PROBLEM STATEMENT:
Set down each line of the material that follows exactly, and leave its pictures out.
───
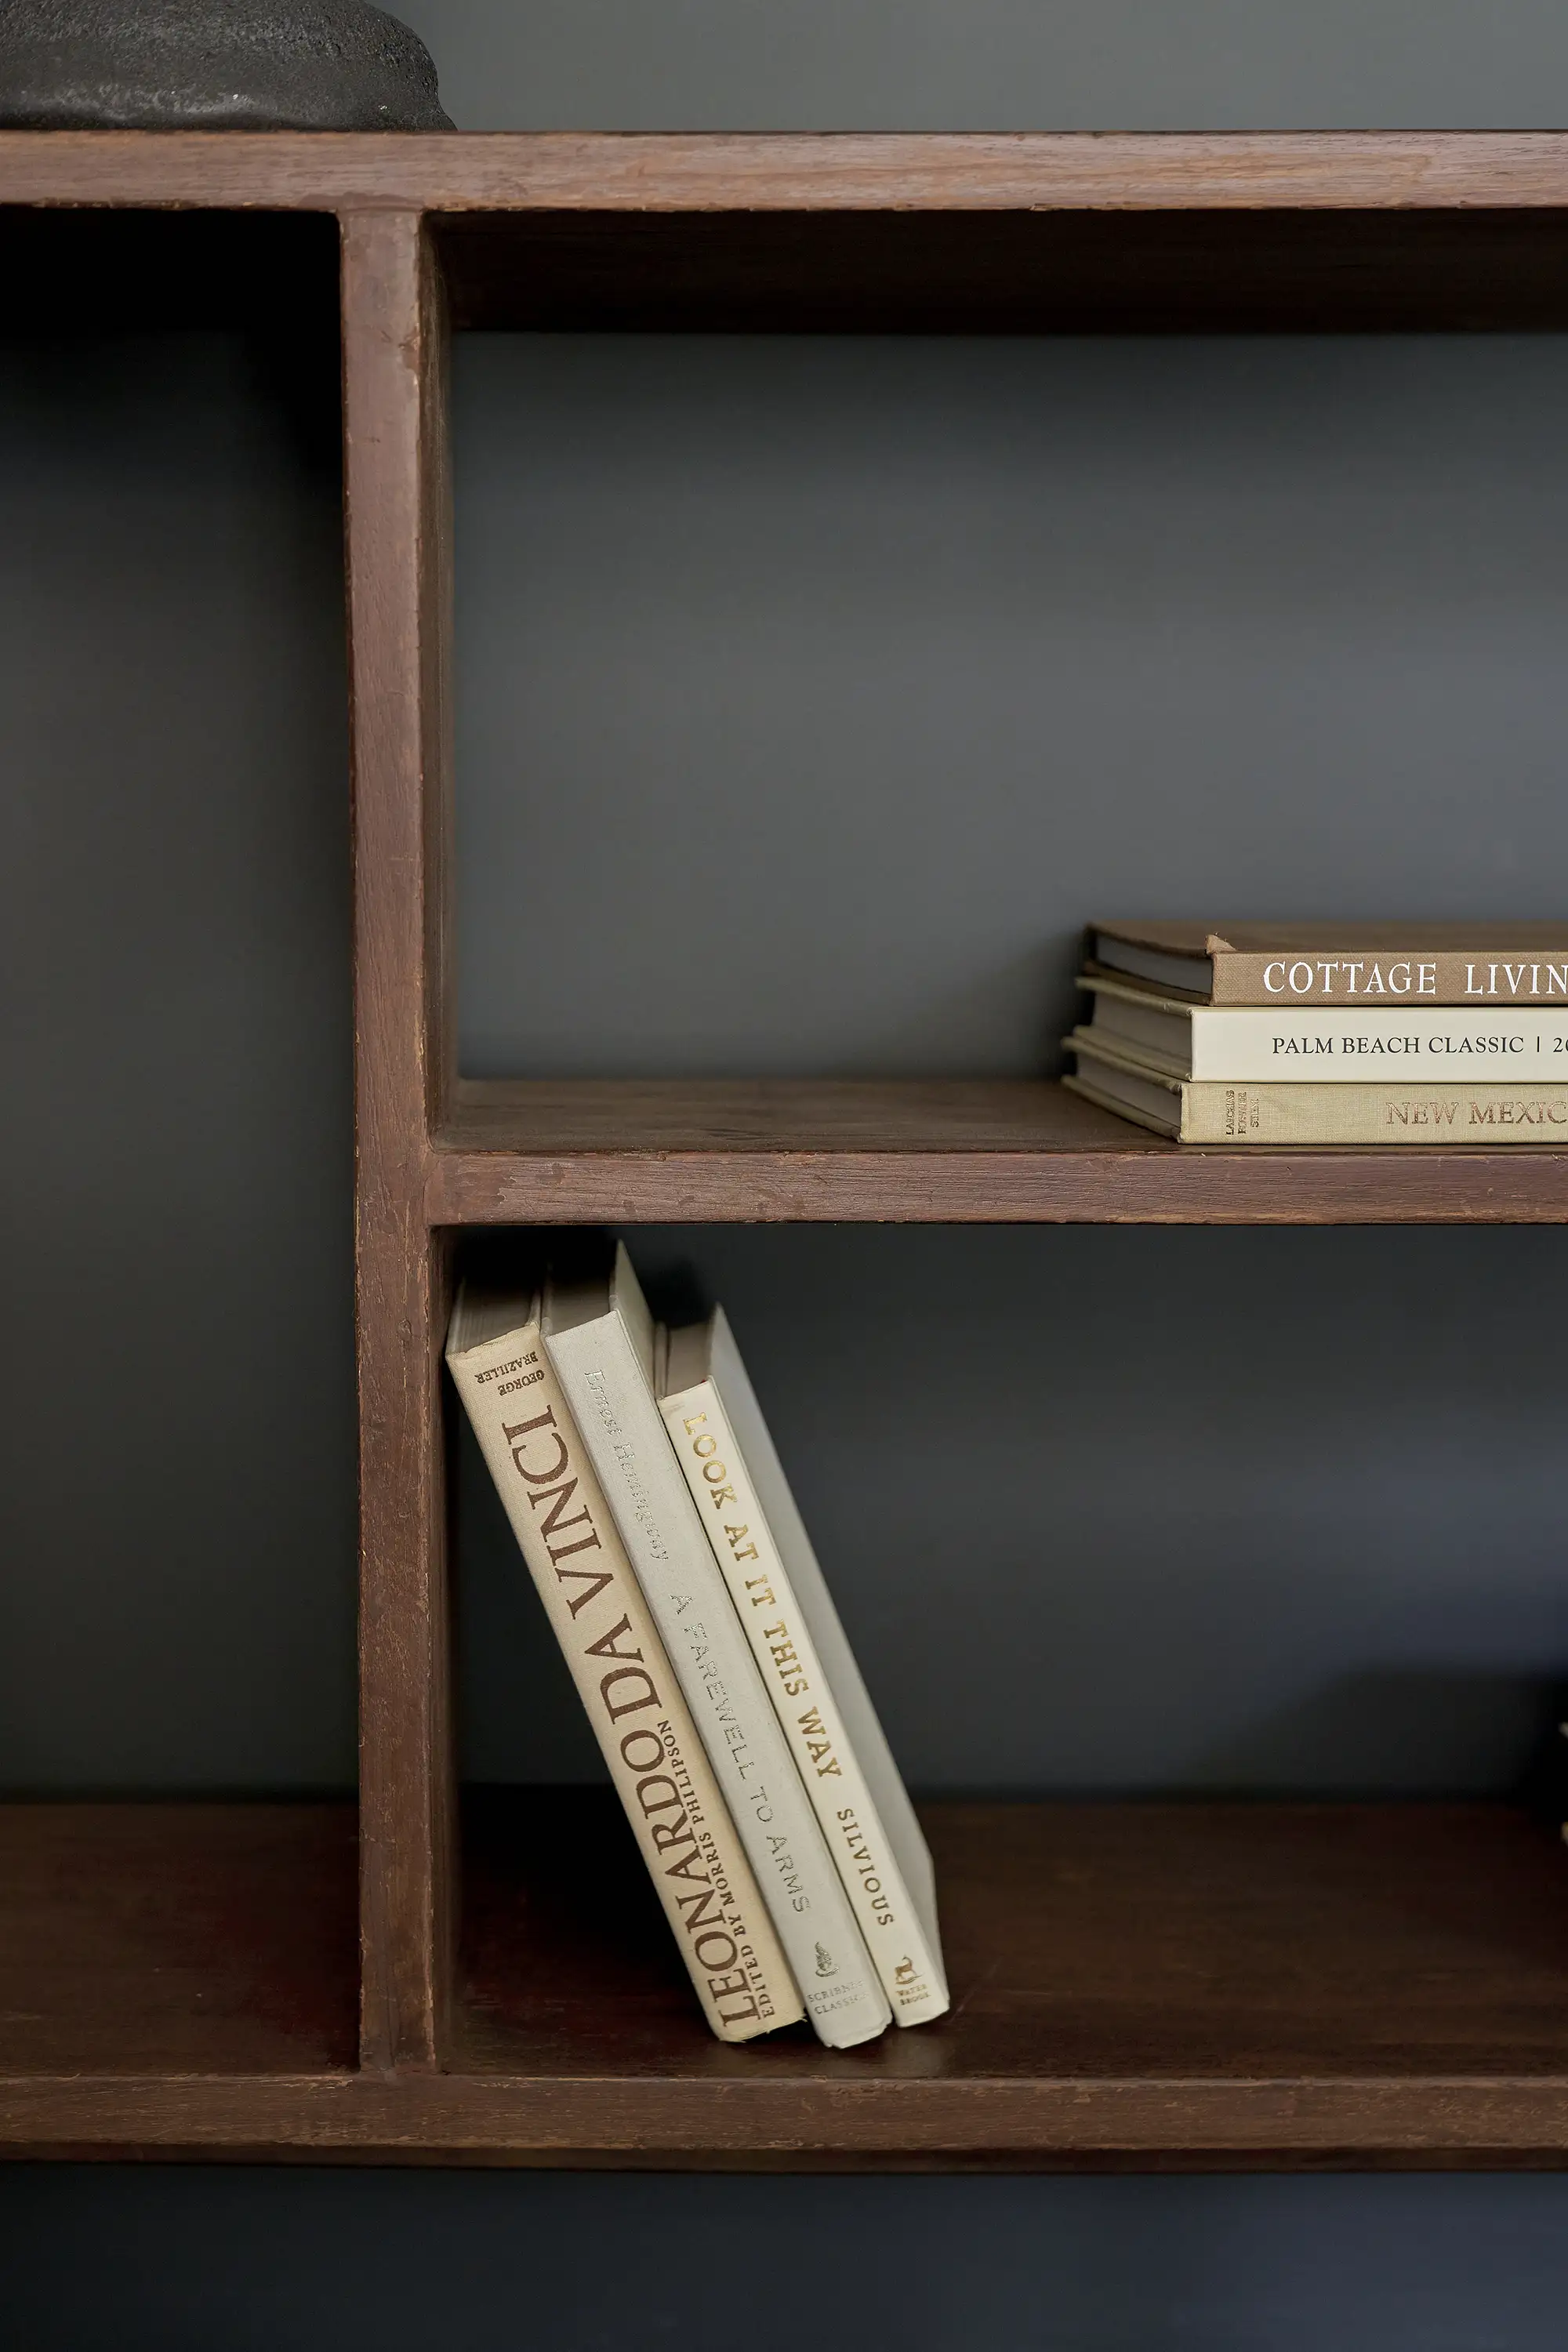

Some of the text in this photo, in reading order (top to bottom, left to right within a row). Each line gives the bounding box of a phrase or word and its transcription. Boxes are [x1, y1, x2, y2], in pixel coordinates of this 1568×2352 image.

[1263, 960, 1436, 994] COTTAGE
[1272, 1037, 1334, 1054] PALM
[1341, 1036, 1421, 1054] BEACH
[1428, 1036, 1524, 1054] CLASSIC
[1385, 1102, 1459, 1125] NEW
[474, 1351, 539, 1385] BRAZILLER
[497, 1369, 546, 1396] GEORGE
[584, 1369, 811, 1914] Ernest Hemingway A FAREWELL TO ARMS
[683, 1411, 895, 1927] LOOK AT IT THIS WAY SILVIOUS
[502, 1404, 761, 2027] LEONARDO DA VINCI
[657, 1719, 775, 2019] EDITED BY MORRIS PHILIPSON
───
RESPONSE BELOW:
Some of the text in this photo, in reading order (top to bottom, left to right within a row). Each line gives the bounding box of a phrase or word and its transcription. Boxes are [x1, y1, x2, y2], in pixel coordinates of this 1568×2352 image.

[1263, 960, 1436, 994] COTTAGE
[1272, 1037, 1334, 1054] PALM
[1341, 1036, 1421, 1054] BEACH
[1428, 1036, 1524, 1054] CLASSIC
[1385, 1102, 1459, 1125] NEW
[474, 1351, 539, 1385] BRAZILLER
[497, 1369, 546, 1396] GEORGE
[584, 1369, 811, 1914] Ernest Hemingway A FAREWELL TO ARMS
[683, 1411, 895, 1927] LOOK AT IT THIS WAY SILVIOUS
[502, 1404, 761, 2027] LEONARDO DA VINCI
[657, 1719, 775, 2019] EDITED BY MORRIS PHILIPSON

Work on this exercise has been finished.